We designed a CURE that introduces undergraduate students in the Genetics and Biology programs at Iowa State University to the genetic requirements of vertebrate development using gene editing technology. In this course, students use the model organism zebrafish (Danio rerio) and CRISPR-generated mutations to test hypotheses on genes potentially involved in early development. Zebrafish are an ideal choice for the purpose of this course as their early development is well characterized, hundreds of embryos can be obtained at the 1-cell stage to serve several laboratory sections, and microinjection is straightforward for delivering gene editing reagents.^10–12 In addition, the optical clarity of the embryos and external fertilization allow students to perform observations of developmental stages and phenotypic analysis of injected embryos using microscopy.
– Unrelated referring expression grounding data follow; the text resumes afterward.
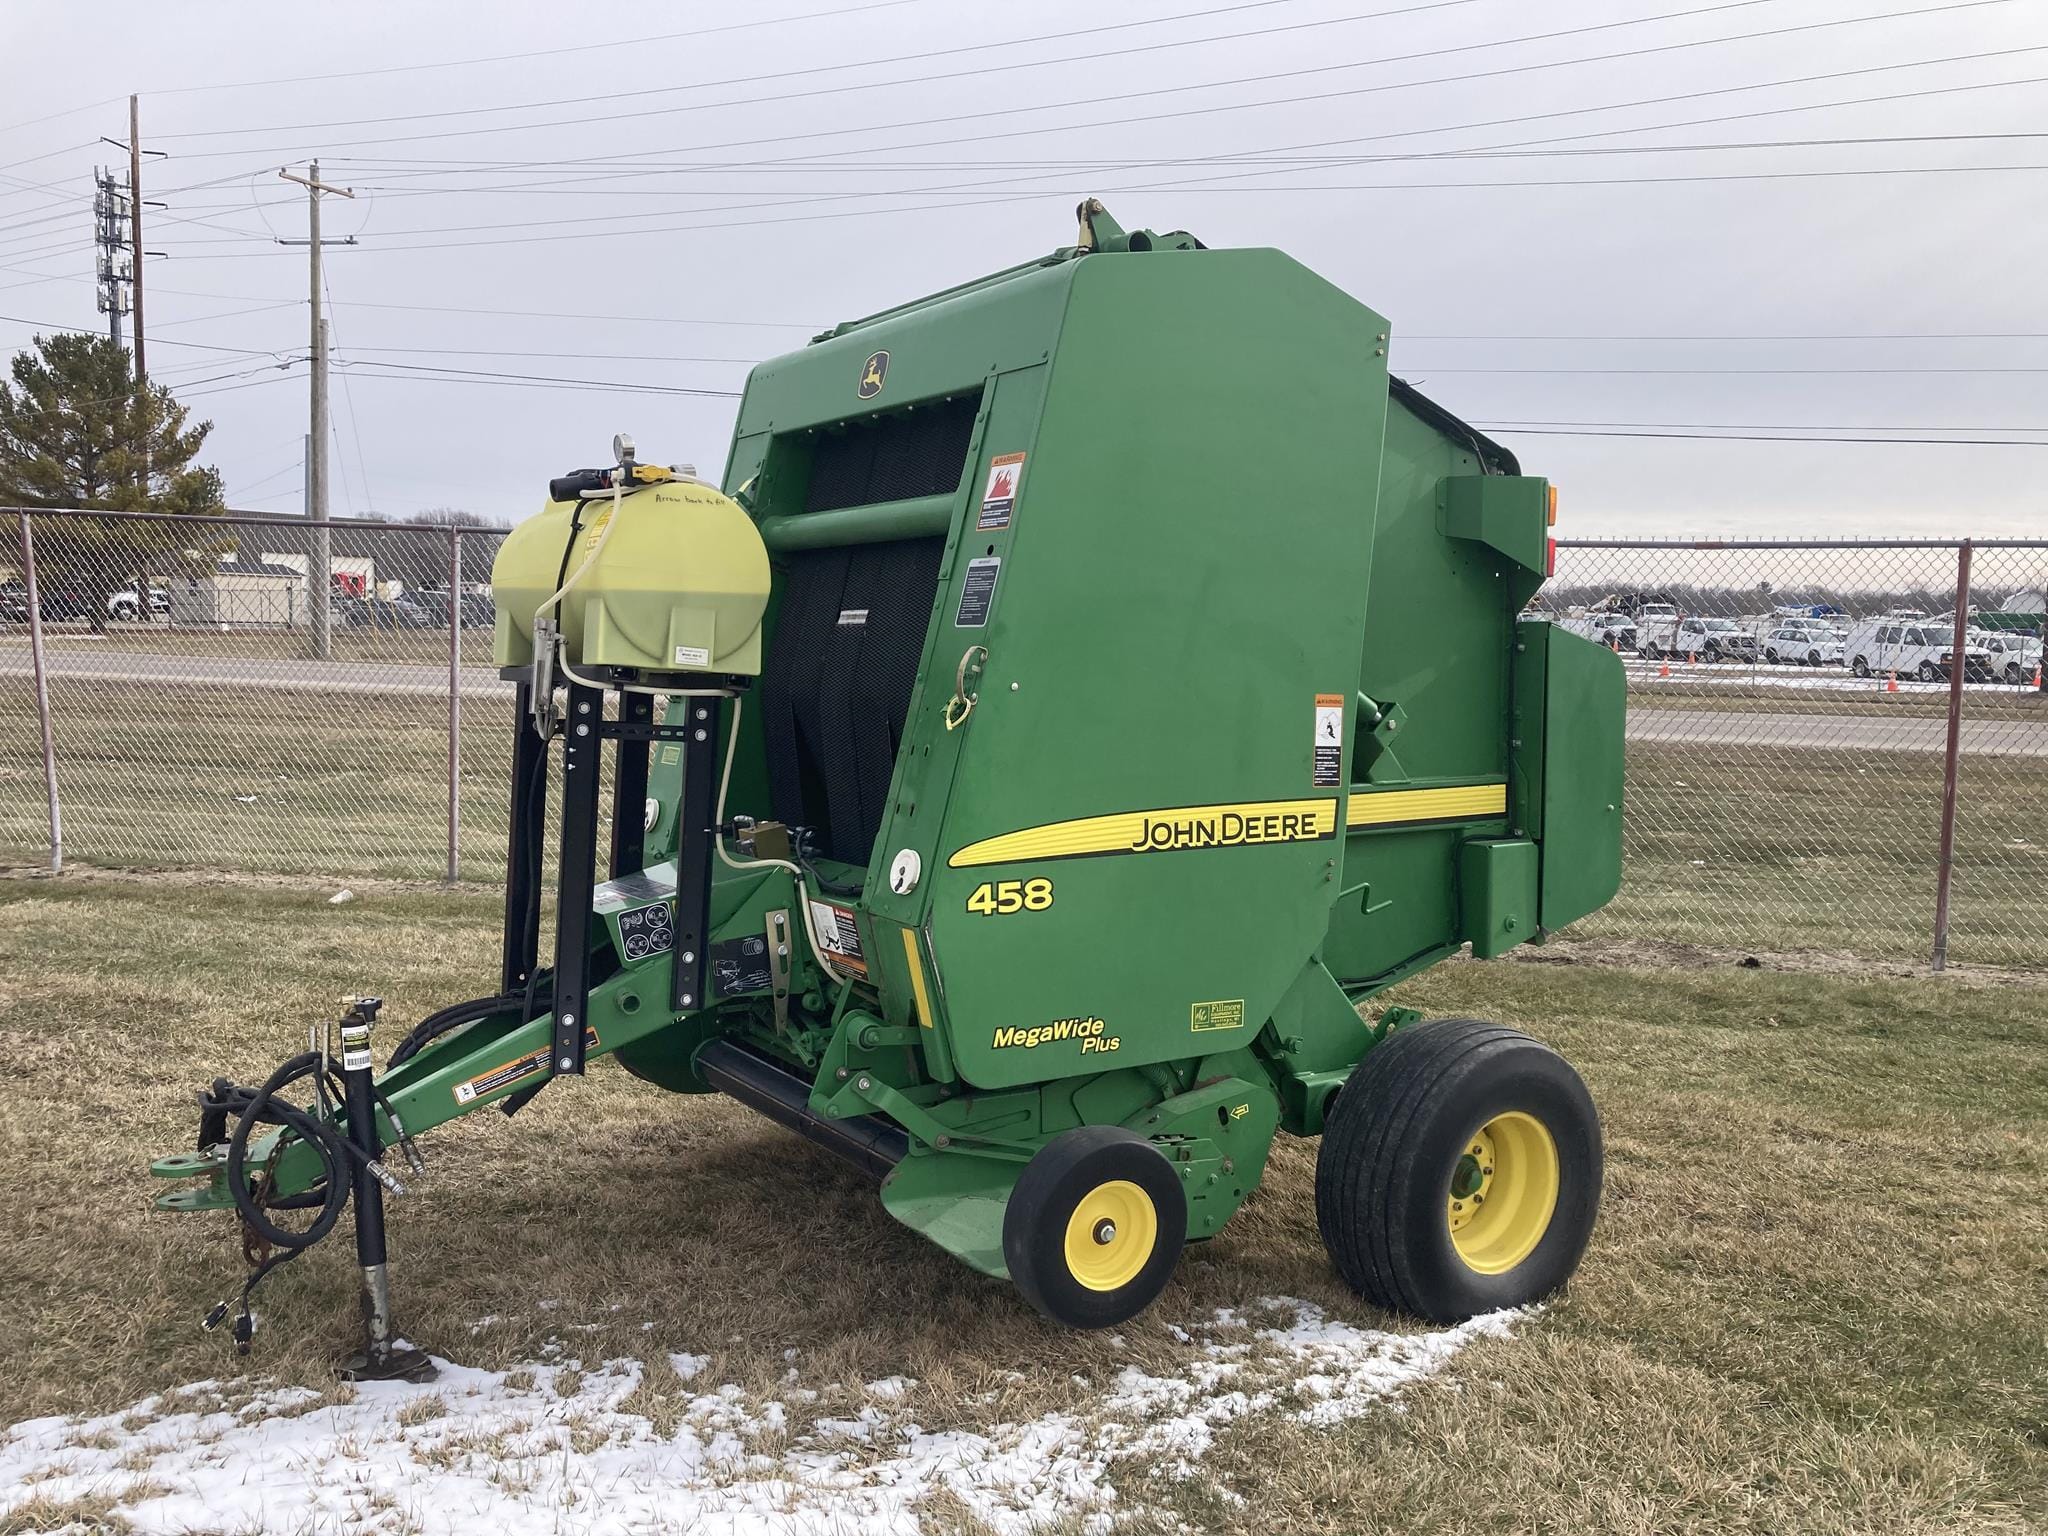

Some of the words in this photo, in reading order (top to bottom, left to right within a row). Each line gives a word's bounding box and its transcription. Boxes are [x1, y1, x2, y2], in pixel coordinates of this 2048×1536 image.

[655, 494, 680, 503] Arrow
[684, 495, 703, 504] back
[1132, 818, 1216, 848] JOHN
[1221, 812, 1317, 841] DEERE
[967, 877, 1053, 916] 458
[1211, 1003, 1241, 1012] Fillmore
[992, 1016, 1105, 1049] MegaWide
[1081, 1036, 1121, 1055] Plus
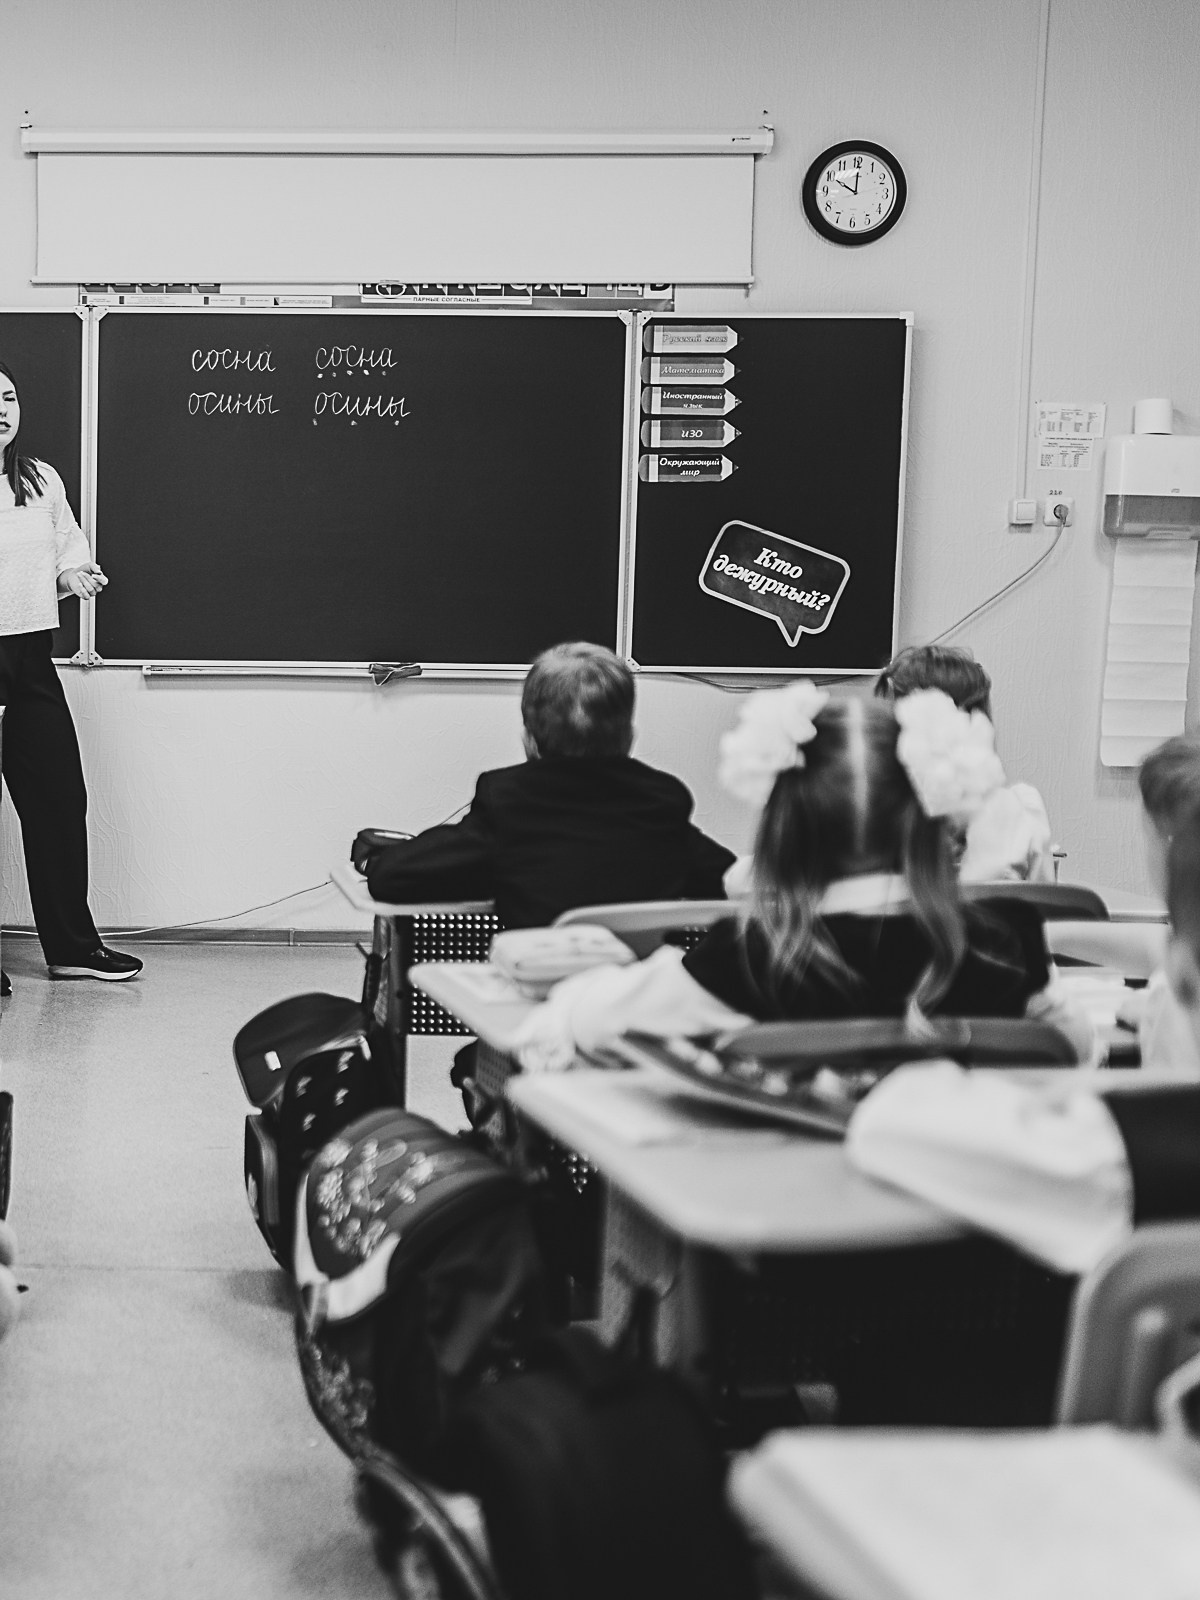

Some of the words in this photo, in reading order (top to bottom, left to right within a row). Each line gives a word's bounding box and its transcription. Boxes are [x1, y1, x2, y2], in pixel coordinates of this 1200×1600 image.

[838, 160, 846, 171] 11
[853, 156, 863, 169] 12
[871, 162, 875, 173] 1
[826, 170, 835, 182] 10
[879, 173, 886, 185] 2
[822, 185, 829, 197] 9
[882, 188, 889, 200] 3
[825, 200, 832, 212] 8
[876, 203, 882, 215] 4
[836, 211, 841, 224] 7
[849, 216, 856, 228] 6
[864, 214, 871, 226] 5
[191, 348, 277, 372] сосна
[315, 345, 398, 370] сосна
[661, 366, 725, 375] Математика
[662, 390, 723, 401] Иностранный
[188, 392, 281, 416] осины
[314, 392, 411, 417] осины
[681, 430, 703, 438] ИЗО
[660, 457, 720, 467] Окружающий
[753, 547, 803, 579] Кто
[712, 554, 831, 611] дежурный?
Moreover, fluorescent transgenic lines allow distinct developmental processes to be observed in living embryos, providing increased resolution and cellular detail that is often inspiring to students. Other important features are that the zebrafish genome is well characterized, annotated, and 70% of human genes have homologs in zebrafish.¹³ As a result, the structures and functions of many genes are conserved from zebrafish to humans. Many homologous genes from zebrafish are involved in human disorders related to the nervous system, heart, blood, kidneys, and muscles.¹⁴

Leveraging the advantages outlined above, several groups have implemented CUREs with the zebrafish model system.¹⁵ Building on previous efforts,^16–18 we have designed a one-credit CURE using zebrafish to introduce students to both gene editing with CRISPR/Cas9 and concepts in development. The course is open to students at all levels, and they are allowed to take the course up to four times during their undergraduate career. Each year, a new gene editing strategy is tested in the classroom. Previous years have used CRISPR/Cas9 to make CRISPants,^19,20 targeted integrations of fluorescent proteins,^12,21 and large deletions.²² In this study, we outline our strategy for the course and present assessment data from the past 3 years. These data point to students gaining understanding in basic genetics and molecular biology and increased confidence with conducting scientific research.

Materials and Methods

Students with introductory-level biology knowledge are encouraged to join the course, and there are no formal prerequisites. We actively recruit freshmen students through announcements in introductory biology courses, advisor suggestions, tours of the zebrafish laboratory, and presentations during class orientations and learning communities.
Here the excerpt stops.